* [Exercise goal]:
Restate each record below word for word, skipping images.
[[ Data records, beginning ]]
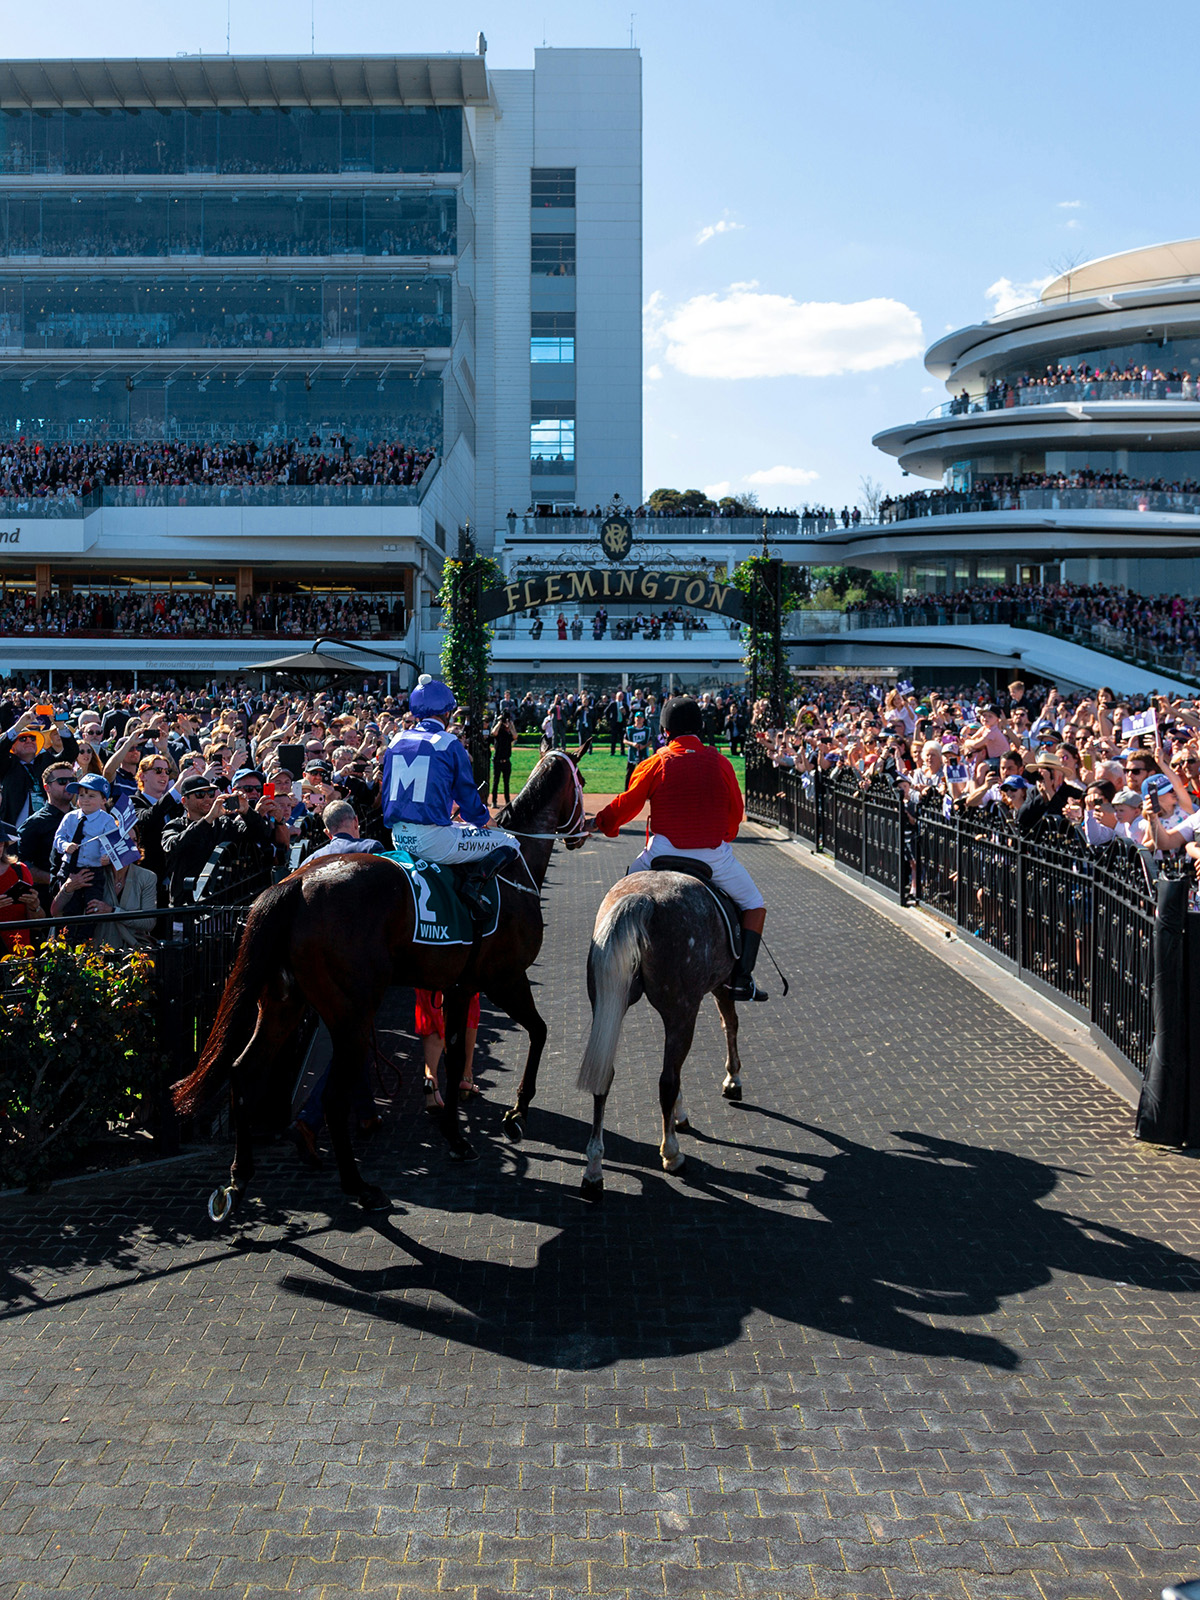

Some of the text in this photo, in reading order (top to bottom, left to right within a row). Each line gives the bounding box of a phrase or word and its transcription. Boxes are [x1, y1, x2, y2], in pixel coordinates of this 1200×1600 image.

[502, 569, 732, 612] FLEMINGTON
[197, 660, 215, 670] yard
[1132, 718, 1145, 730] M
[390, 754, 431, 803] M
[113, 839, 130, 856] M
[420, 923, 450, 940] WINX
[[ Data records, end ]]
* [Written answer]:
Some of the text in this photo, in reading order (top to bottom, left to right within a row). Each line gives the bounding box of a phrase or word and its transcription. Boxes are [x1, y1, x2, y2], in pixel coordinates of this 1200×1600 image.

[502, 569, 732, 612] FLEMINGTON
[197, 660, 215, 670] yard
[1132, 718, 1145, 730] M
[390, 754, 431, 803] M
[113, 839, 130, 856] M
[420, 923, 450, 940] WINX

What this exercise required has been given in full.